It literally seems impossible. Especially in our society today with online dating and endless people to swipe through, when you have anxiety — it’s overwhelming. It’s too much. Too many people and prospects. It’s too exhausting.
For me, when I download Tinder or Bumble, I immediately want to delete it. I’m bombarded with so many thoughts in my head telling me there’s no point to this. I’m constantly flooded with my anxiety screaming at me that it’s not worth it. And that I should give up on finding love. To just stop, because I’m broken.
And no one loves a broken girl.
And anxiety makes me feel broken.
When I go on dates, I get petrified that I will develop feelings. Because feelings mean emotions and heartache and pain. And it’s easer to just feel numb. It’s easier to just feel nothing, right?
I get so nervous that they won’t like me yet, I get more scared that they will like me. I haven’t been in a relationship in a few years, and the idea of it feels so foreign and far away from me.
The idea of love seems thousands of miles away from where I am now.
And I know deep down that I want it. That I want to fall in love again. And I know I want to eventually find it again. I want to feel that rush and those butterflies. I want to have a first kiss and actually have it feel right. I want to get giddy and call up my friends in excitement that I finally found someone worthwhile. That I finally found someone after waiting for so long. I want to do all of that.
And I want to hear myself say ‘I love you’ and not question it. And I want to not be so terrified when someone says it back to me.
I don’t understand why it is so hard. Why it’s so hard for me to believe that it will happen to me one day. I don’t know why it’s so hard to picture it. To picture what he looks like, to hear his laugh, and to see myself blushing at his compliments.
I don’t understand why it’s so hard for me to see it.
I’ve been in love before. And it’s so damn beautiful. It’s so damn wonderful and it feels like you will never stop flying. Not even anxiety can take that feeling away.
But when it ends and crashes and burns, I think it’s just too much. Too much for me to wrap my brain around the fact that it’s not there anymore. And my anxiety takes over, and screams into my headspace, that I’ll never get it again. That I fucked up. That karma is real.
And so, it seems like it will never happen. Because I keep telling myself that it’s so hard and rare and difficult. I keep telling myself that I’m better off alone because the pain of losing love is too terrible to fathom.
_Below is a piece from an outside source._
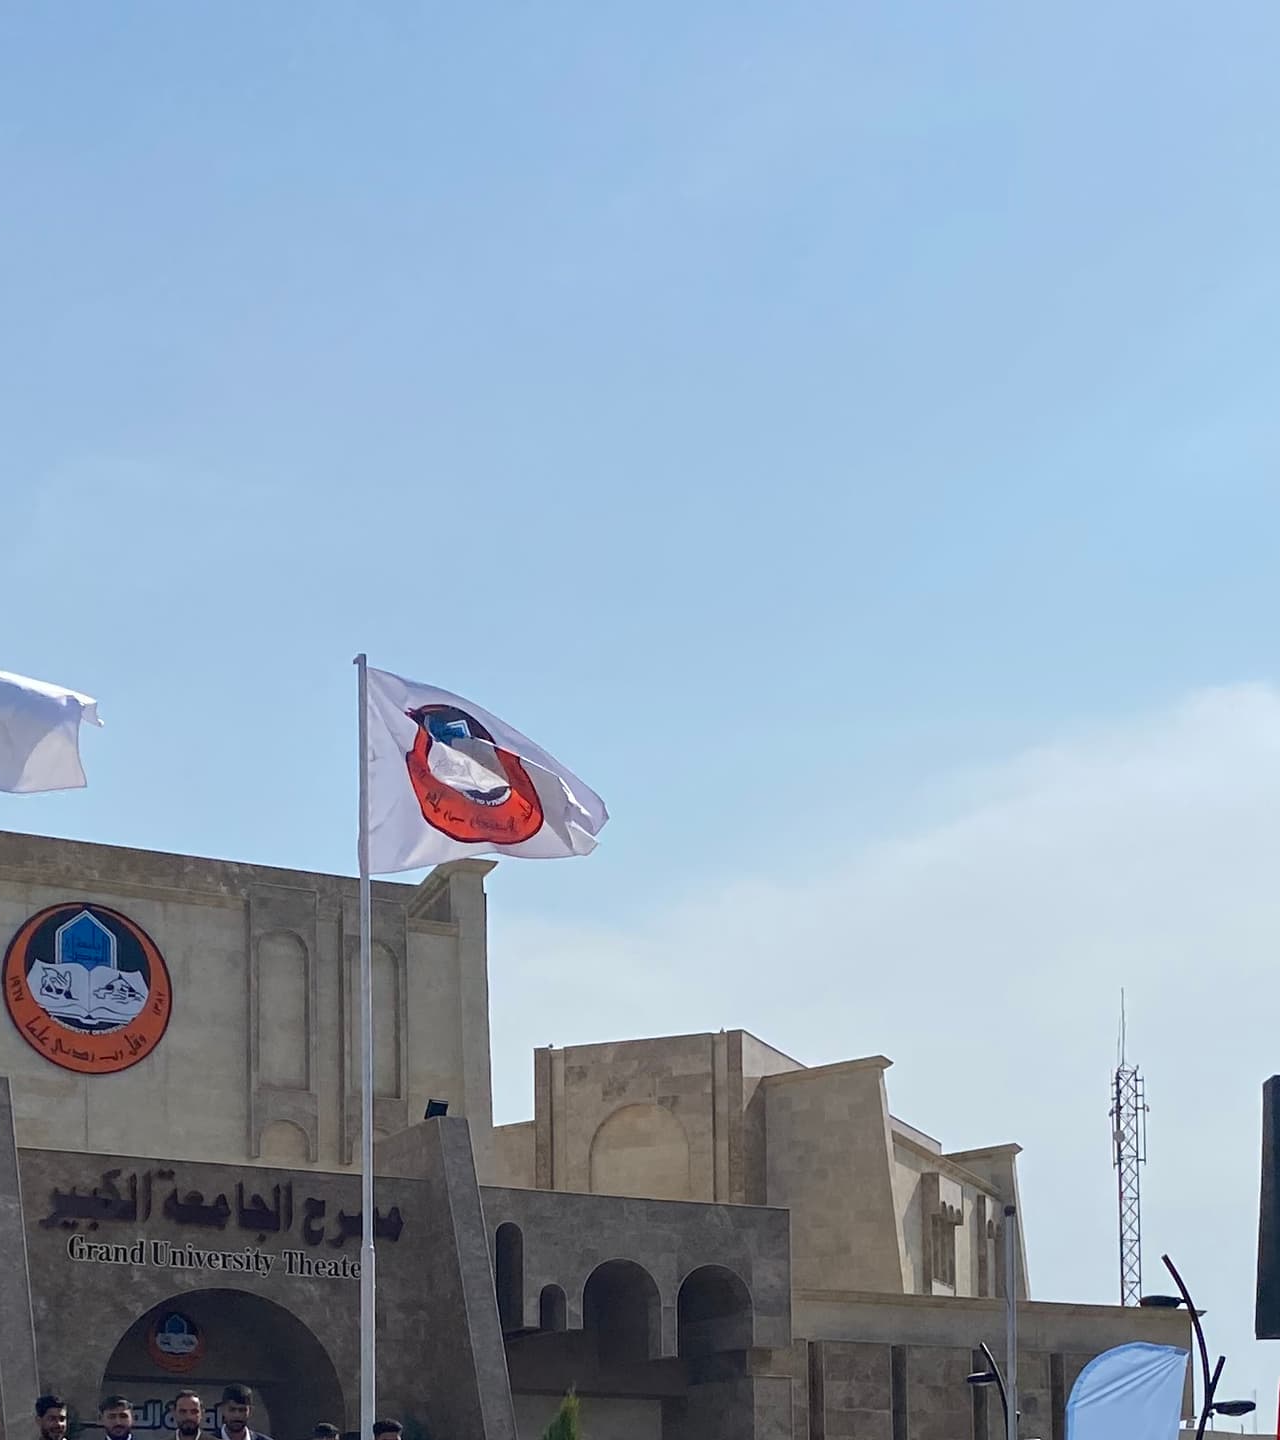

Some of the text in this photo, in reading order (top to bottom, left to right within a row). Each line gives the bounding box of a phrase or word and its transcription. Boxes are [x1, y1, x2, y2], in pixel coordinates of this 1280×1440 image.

[38, 1168, 405, 1248] مسرح الجامعة الكبير
[67, 1233, 362, 1280] Grand University Theate
I keep telling myself that maybe I was meant to just experience love once.
But I know that’s just the anxiety talking. That’s just the overthinking and the demons taking over. It’s not me. It’s not my authentic self stating the truth.
Because truthfully, I want to fall and never look back. I want to taste love in my lips and never let it go. I want it so badly one day, and all my anxiety does is tell me no. All my anxiety does is laugh.
All my anxiety does is tell me that it’s impossible. And impossible things never happen to a girl like me.